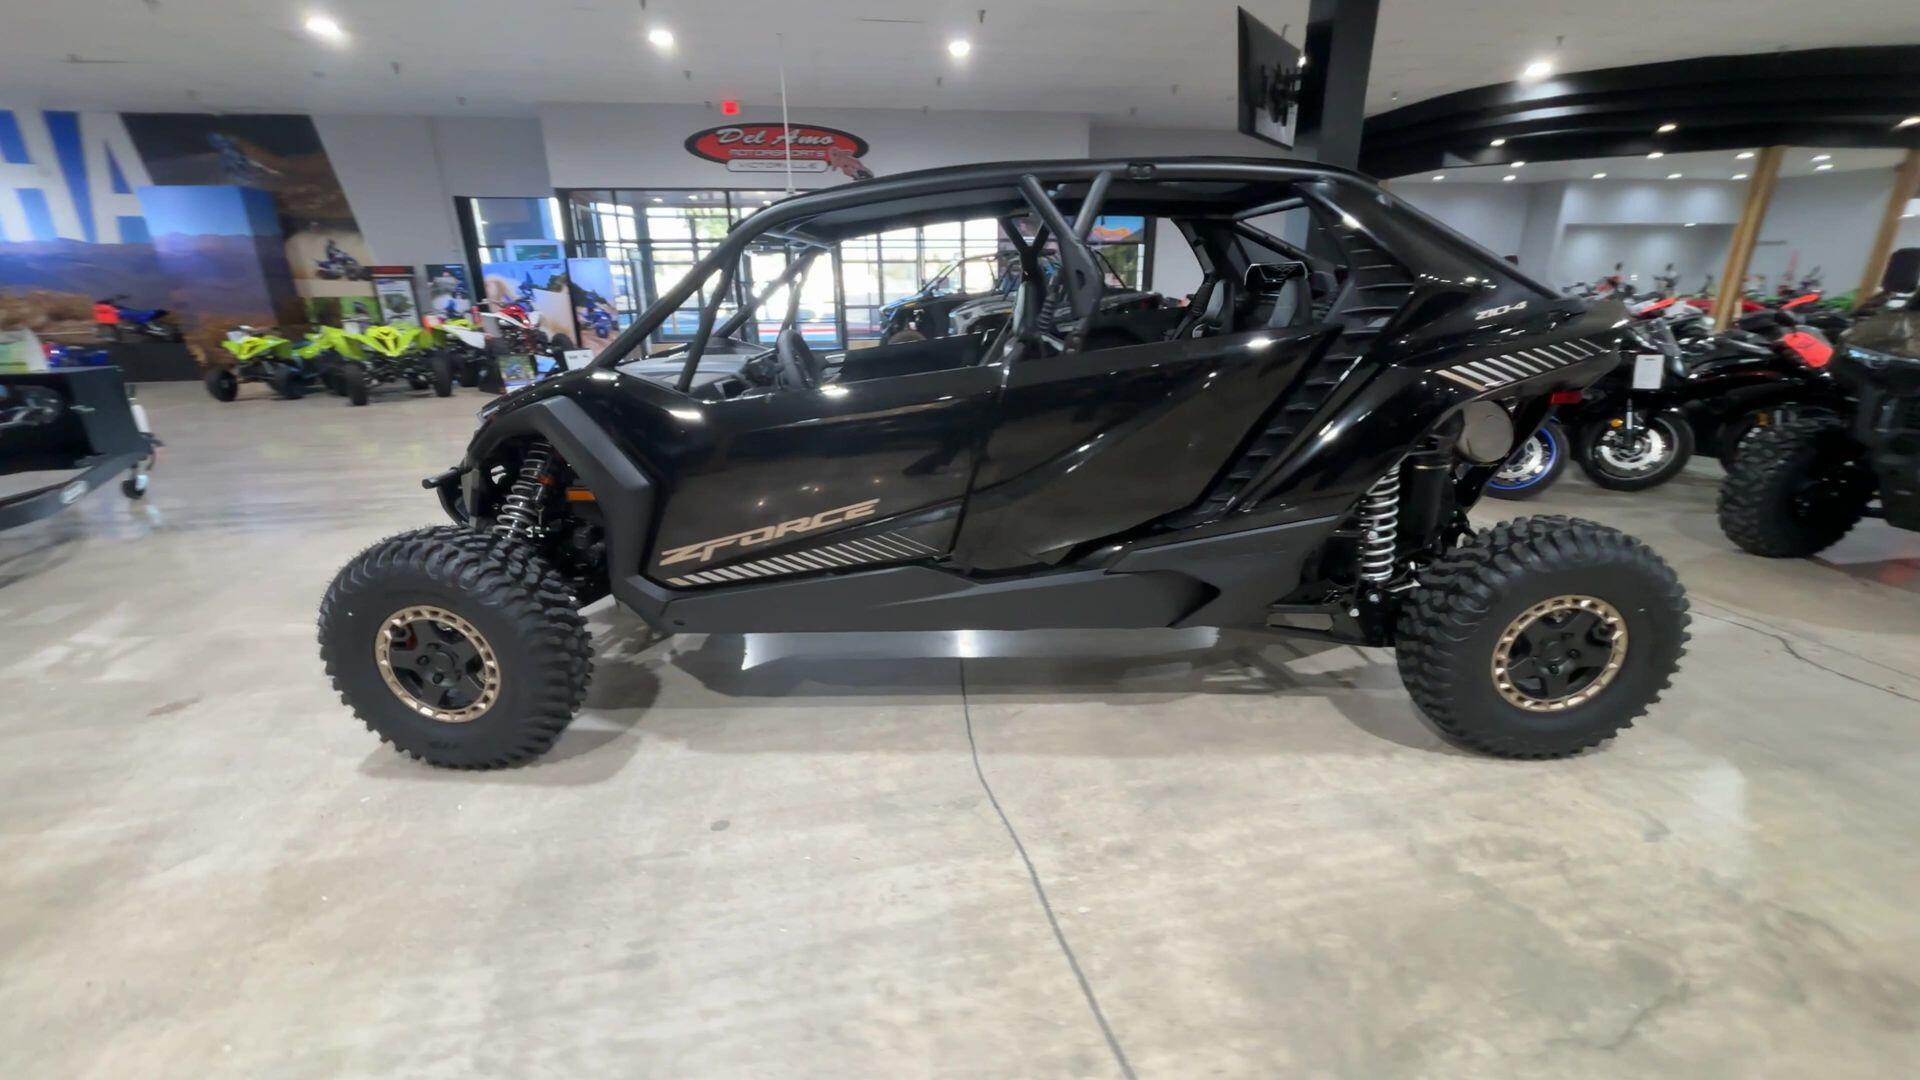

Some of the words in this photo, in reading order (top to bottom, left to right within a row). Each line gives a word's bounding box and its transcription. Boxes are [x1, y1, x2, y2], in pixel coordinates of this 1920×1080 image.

[716, 128, 767, 144] Del
[772, 128, 834, 146] Amo
[659, 498, 880, 566] ZFORCE
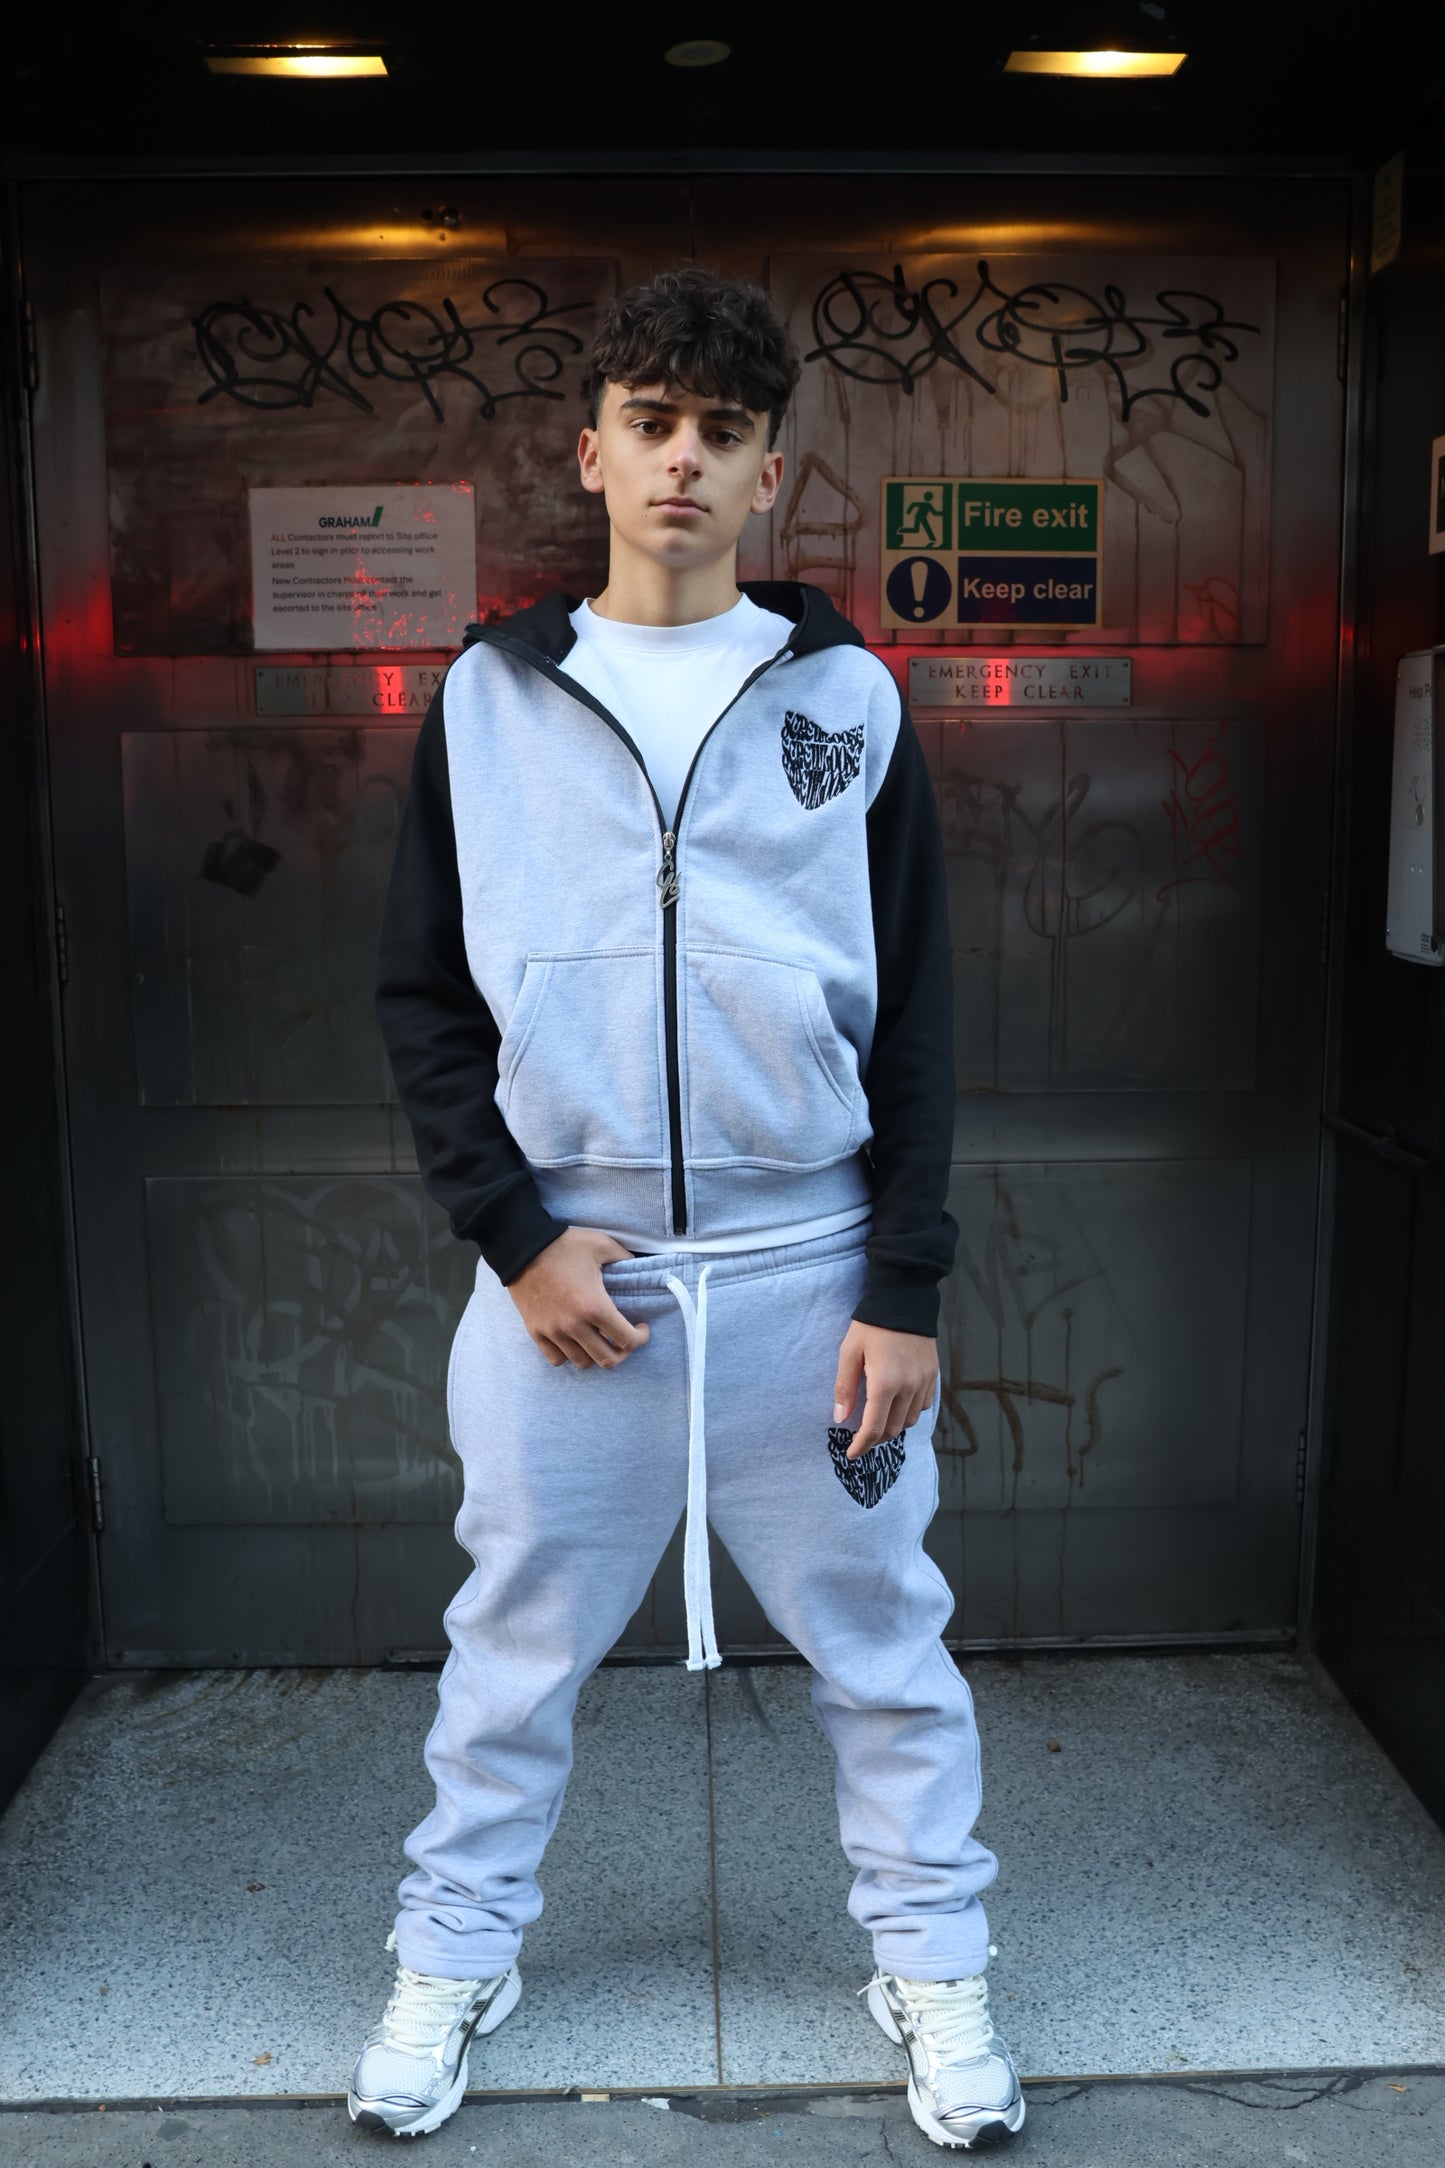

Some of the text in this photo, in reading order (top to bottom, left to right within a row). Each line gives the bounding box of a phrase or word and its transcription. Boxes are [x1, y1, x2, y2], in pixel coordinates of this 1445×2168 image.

[318, 516, 371, 528] GRAHAM
[964, 501, 1089, 529] Fire exit
[271, 533, 286, 542] ALL
[336, 532, 358, 541] must
[359, 532, 384, 543] report
[386, 532, 395, 541] to
[396, 531, 412, 541] Site
[414, 530, 438, 541] office
[271, 544, 435, 558] Level 2 to sign in prior to accessing work
[271, 561, 295, 570] areas
[272, 577, 291, 586] New
[292, 575, 342, 585] Contractors
[399, 575, 414, 584] the
[273, 590, 316, 602] supervisor
[317, 589, 326, 598] in
[326, 589, 354, 601] charge
[389, 589, 410, 598] work
[411, 588, 428, 598] and
[429, 588, 442, 599] get
[963, 577, 1093, 604] Keep clear
[273, 602, 378, 613] escorted to the site office
[928, 664, 1112, 680] EMERGENCY EXIT
[955, 684, 1085, 700] KEEP CLEAR
[373, 692, 433, 707] CLEAR
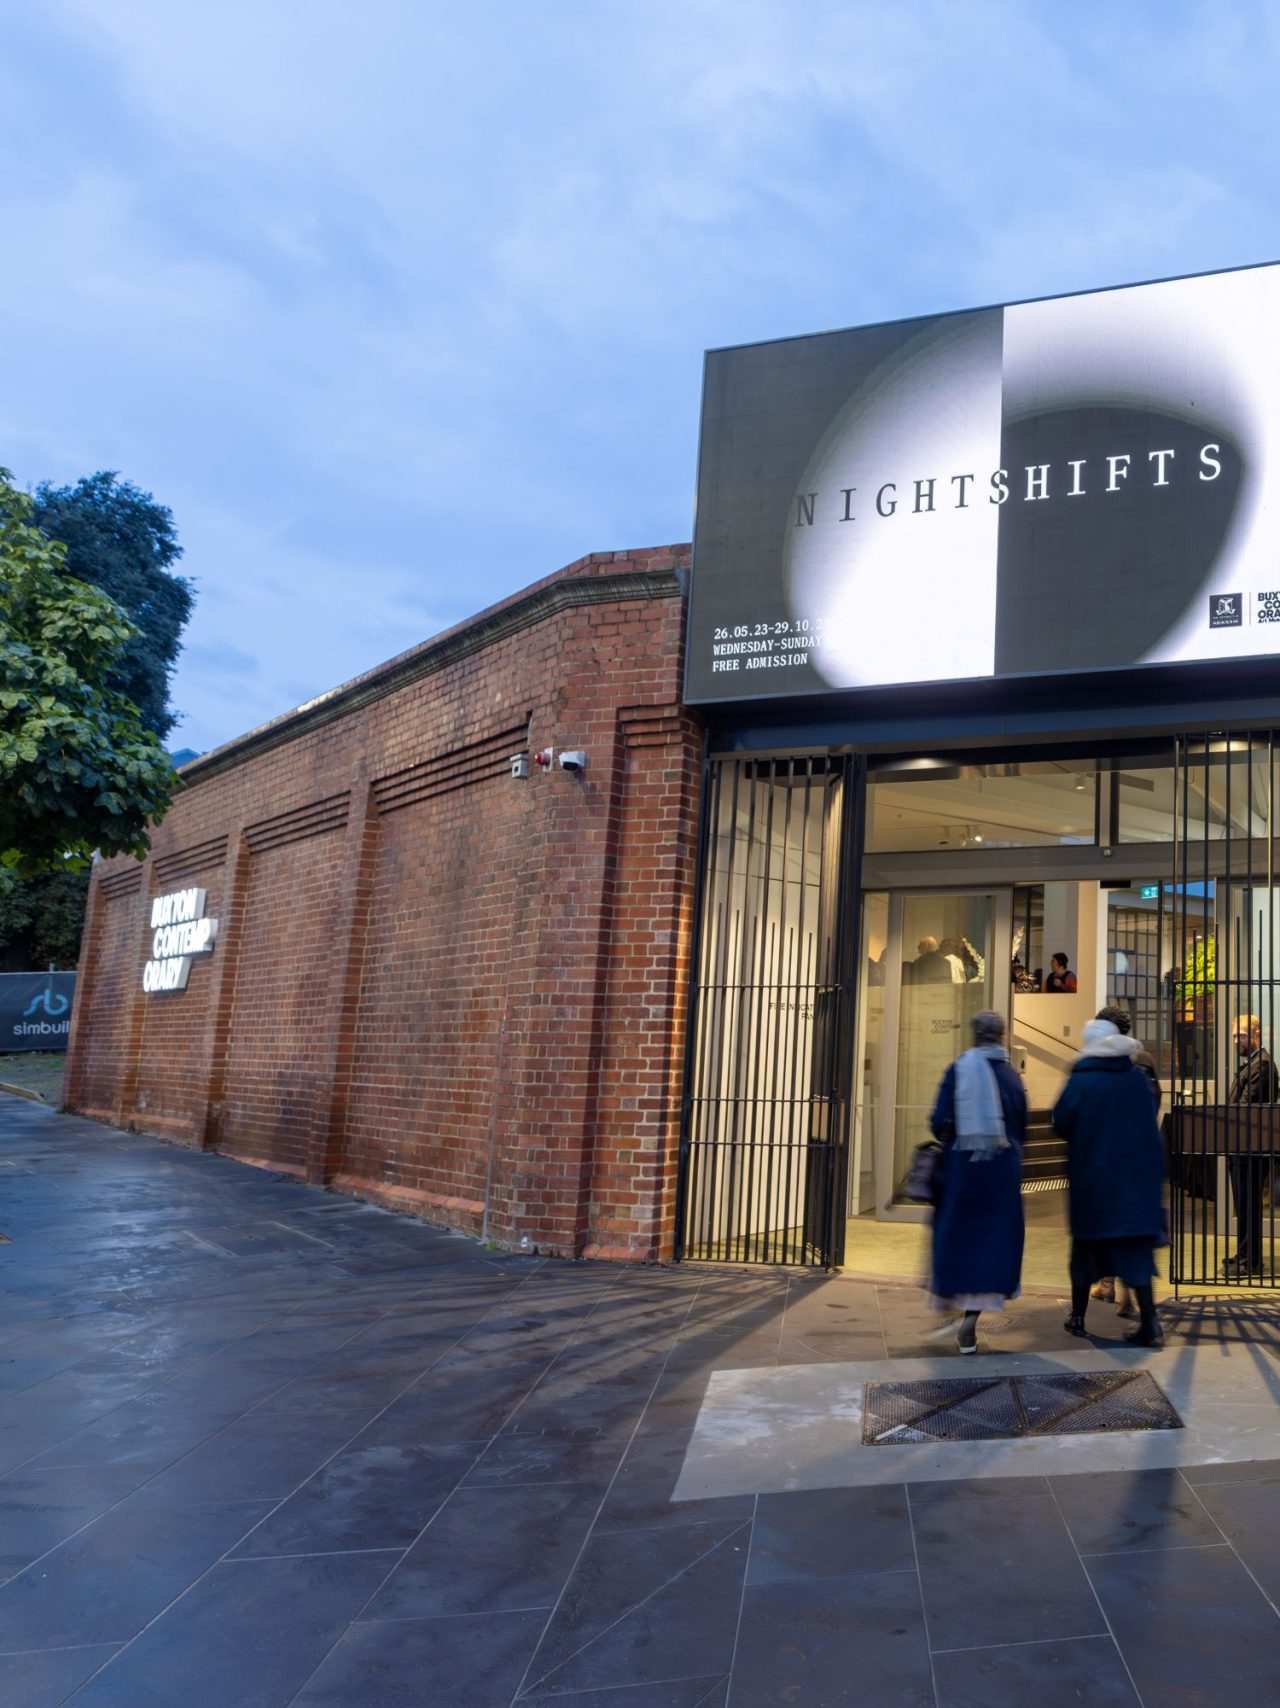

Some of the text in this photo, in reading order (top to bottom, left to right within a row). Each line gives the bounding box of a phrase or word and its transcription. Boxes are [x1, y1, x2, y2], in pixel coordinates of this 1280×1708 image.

[About this task] Although the records contain pictures, transcribe only their text, exactly as written.

[Exercise answer]
Some of the words in this photo, in reading order (top to bottom, left to right within a row). Each line gives a word's bounding box and its transcription. Boxes are [x1, y1, x2, y2], in pixel coordinates of this 1920×1080 image.

[716, 128, 767, 144] Del
[772, 128, 834, 146] Amo
[659, 498, 880, 566] ZFORCE

Some of the text in this photo, in reading order (top to bottom, left to right within a row). Each line gives the bounding box of a phrase or word and its transcription. Boxes are [x1, y1, x2, y2], in pixel coordinates of this 1445×2168 image.

[318, 516, 371, 528] GRAHAM
[964, 501, 1089, 529] Fire exit
[271, 533, 286, 542] ALL
[336, 532, 358, 541] must
[359, 532, 384, 543] report
[386, 532, 395, 541] to
[396, 531, 412, 541] Site
[414, 530, 438, 541] office
[271, 544, 435, 558] Level 2 to sign in prior to accessing work
[271, 561, 295, 570] areas
[272, 577, 291, 586] New
[292, 575, 342, 585] Contractors
[399, 575, 414, 584] the
[273, 590, 316, 602] supervisor
[317, 589, 326, 598] in
[326, 589, 354, 601] charge
[389, 589, 410, 598] work
[411, 588, 428, 598] and
[429, 588, 442, 599] get
[963, 577, 1093, 604] Keep clear
[273, 602, 378, 613] escorted to the site office
[928, 664, 1112, 680] EMERGENCY EXIT
[955, 684, 1085, 700] KEEP CLEAR
[373, 692, 433, 707] CLEAR

Some of the text in this photo, in reading order (top to bottom, left to right within a row). Each line gives the bounding box of a phrase or word and its transcription. Boxes are [x1, y1, x2, y2], in pixel coordinates of this 1280×1708 image.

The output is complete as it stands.